DATA EXTRACT:
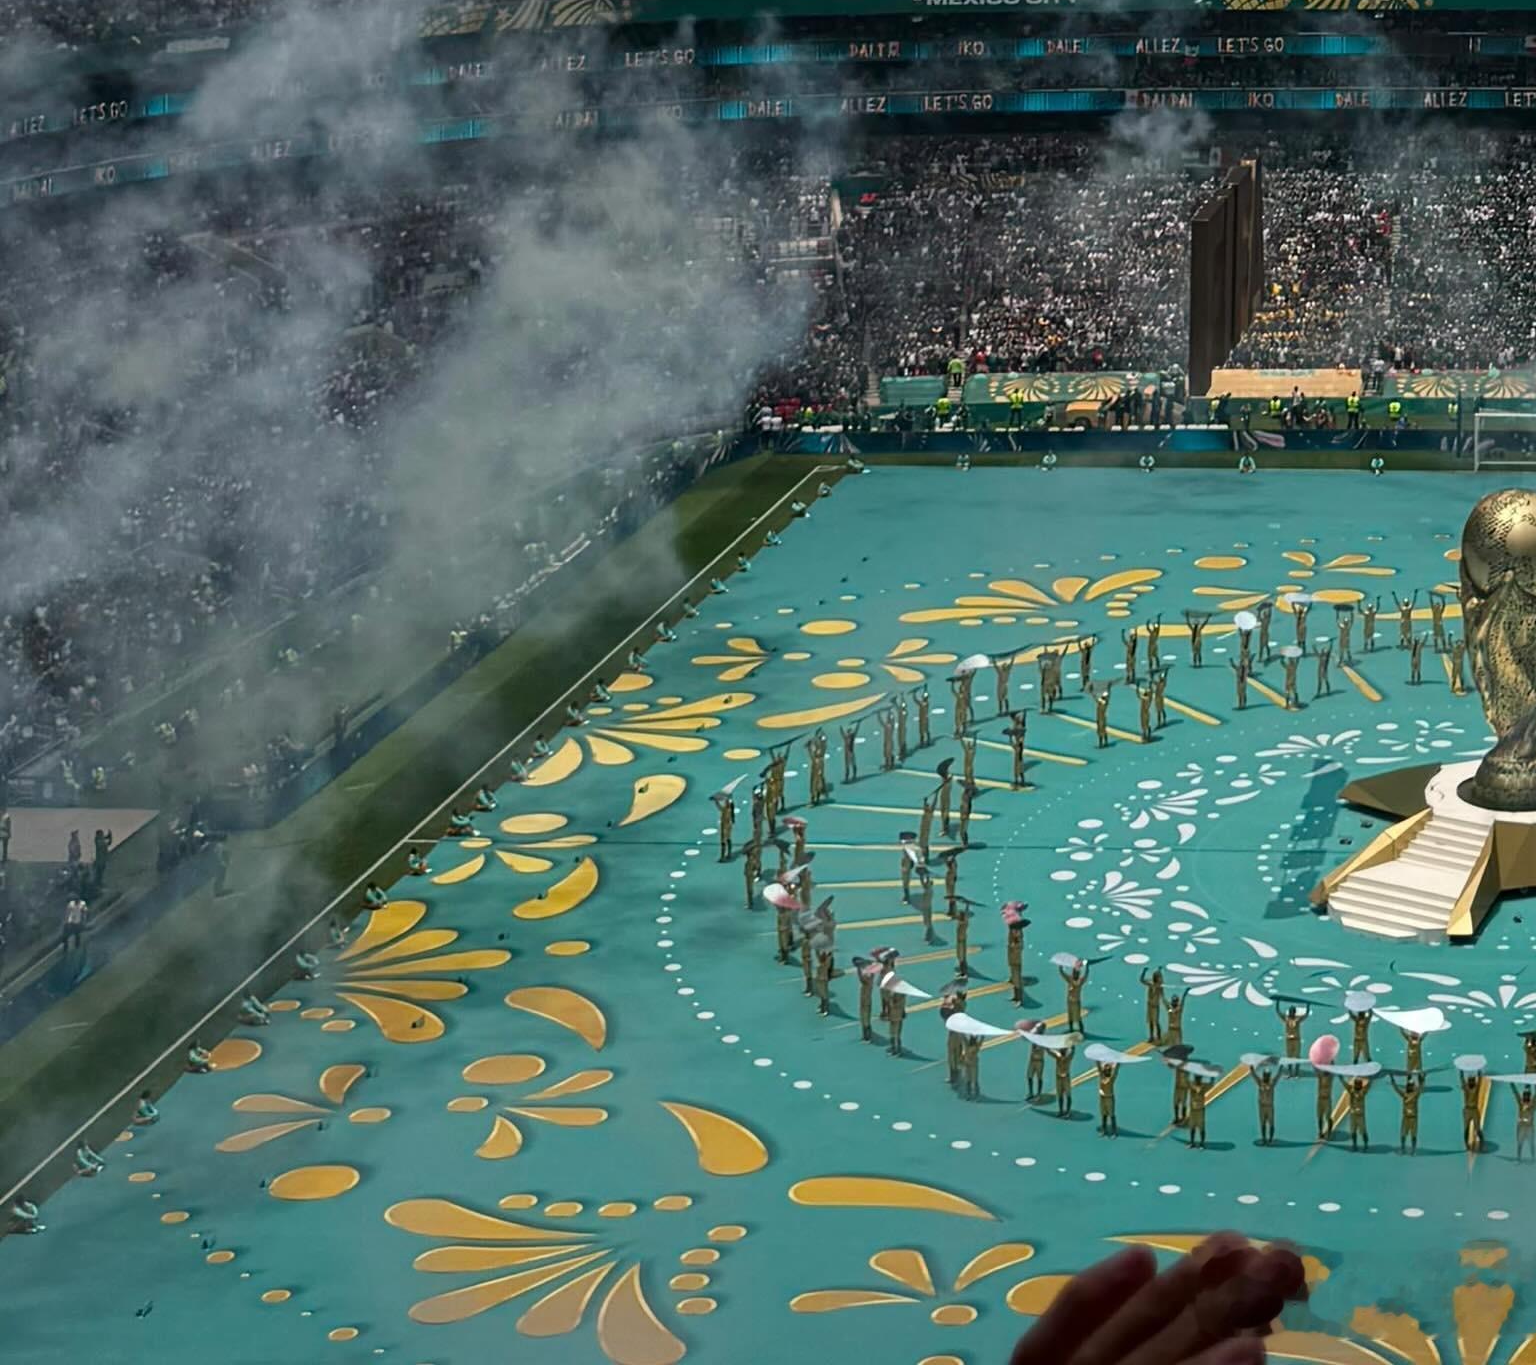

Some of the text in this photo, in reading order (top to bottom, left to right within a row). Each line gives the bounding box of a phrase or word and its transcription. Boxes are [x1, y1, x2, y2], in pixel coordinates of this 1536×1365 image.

[959, 40, 985, 56] IKO
[1047, 38, 1081, 54] DALE
[1136, 38, 1180, 54] ALLEZ
[1218, 37, 1259, 53] LET'S
[1263, 37, 1284, 53] GO
[925, 94, 967, 111] LET'S
[972, 94, 992, 110] GO
[1248, 92, 1274, 108] IKO
[1336, 91, 1369, 108] DALE
[1424, 92, 1467, 108] ALLEZ

WHAT YOU SHOULD DO: For this task, give the full listing again verbatim and keep out every picture.

TASK ANSWER:
Some of the text in this photo, in reading order (top to bottom, left to right within a row). Each line gives the bounding box of a phrase or word and its transcription. Boxes are [x1, y1, x2, y2], in pixel coordinates of this 1536×1365 image.

[959, 40, 985, 56] IKO
[1047, 38, 1081, 54] DALE
[1136, 38, 1180, 54] ALLEZ
[1218, 37, 1259, 53] LET'S
[1263, 37, 1284, 53] GO
[925, 94, 967, 111] LET'S
[972, 94, 992, 110] GO
[1248, 92, 1274, 108] IKO
[1336, 91, 1369, 108] DALE
[1424, 92, 1467, 108] ALLEZ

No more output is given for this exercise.